*EXERCISE OBJECTIVE*: Drop every image and restate the entries below word for word.

*RECORDED INFORMATION*:
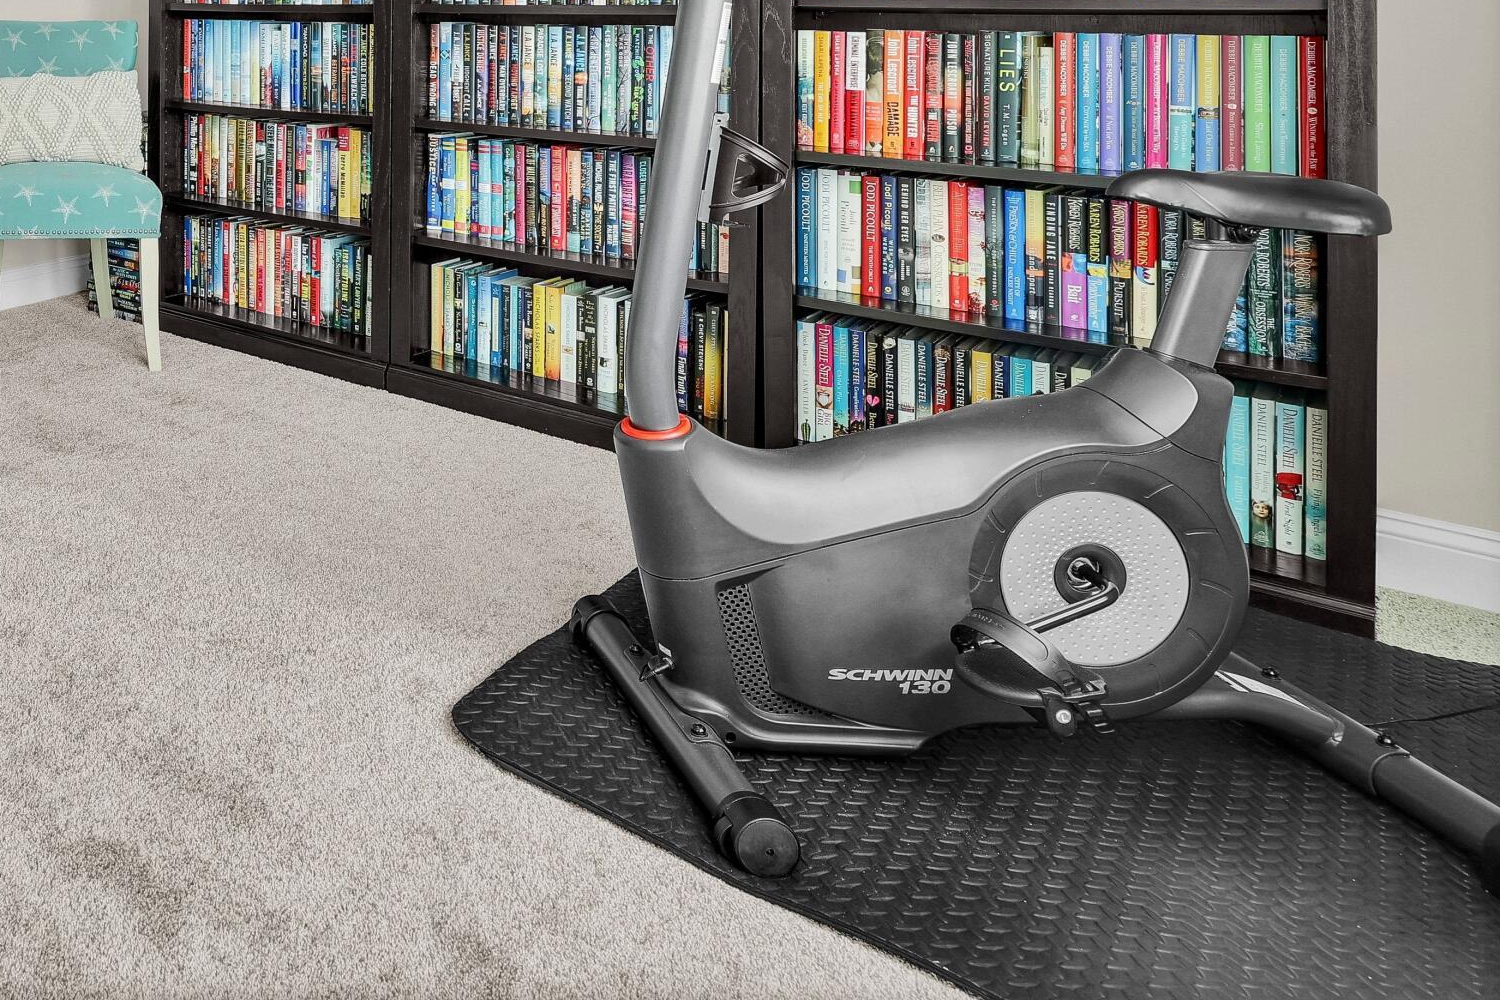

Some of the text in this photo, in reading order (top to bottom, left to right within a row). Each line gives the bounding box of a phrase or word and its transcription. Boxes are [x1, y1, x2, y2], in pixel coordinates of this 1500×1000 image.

[644, 46, 655, 82] OTHER
[887, 38, 899, 56] John
[947, 40, 957, 59] JOHN
[1308, 42, 1316, 65] DEBBIE
[999, 49, 1015, 92] LIES
[1308, 66, 1316, 104] MACOMBER
[887, 102, 899, 137] DAMAGE
[947, 109, 956, 135] POISON
[608, 172, 616, 191] FIRST
[608, 192, 616, 220] PATIENT
[865, 181, 875, 242] JODI PICOULT
[884, 182, 892, 231] Jodi Picoult
[901, 184, 909, 242] BEHIND HER EYES
[1046, 202, 1056, 260] FINDING JAKE
[1113, 205, 1126, 318] KAREN ROBARDS PURSUIT
[677, 356, 687, 395] Final Truth
[885, 354, 893, 389] DANIELLE
[956, 351, 964, 408] DANIELLE STEEL
[1311, 413, 1323, 536] DANIELLE STEEL Flying Angels
[828, 668, 954, 681] SCHWINN
[899, 680, 951, 695] 130

*EXERCISE RESPONSE*:
Some of the text in this photo, in reading order (top to bottom, left to right within a row). Each line gives the bounding box of a phrase or word and its transcription. Boxes are [x1, y1, x2, y2], in pixel coordinates of this 1500×1000 image.

[644, 46, 655, 82] OTHER
[887, 38, 899, 56] John
[947, 40, 957, 59] JOHN
[1308, 42, 1316, 65] DEBBIE
[999, 49, 1015, 92] LIES
[1308, 66, 1316, 104] MACOMBER
[887, 102, 899, 137] DAMAGE
[947, 109, 956, 135] POISON
[608, 172, 616, 191] FIRST
[608, 192, 616, 220] PATIENT
[865, 181, 875, 242] JODI PICOULT
[884, 182, 892, 231] Jodi Picoult
[901, 184, 909, 242] BEHIND HER EYES
[1046, 202, 1056, 260] FINDING JAKE
[1113, 205, 1126, 318] KAREN ROBARDS PURSUIT
[677, 356, 687, 395] Final Truth
[885, 354, 893, 389] DANIELLE
[956, 351, 964, 408] DANIELLE STEEL
[1311, 413, 1323, 536] DANIELLE STEEL Flying Angels
[828, 668, 954, 681] SCHWINN
[899, 680, 951, 695] 130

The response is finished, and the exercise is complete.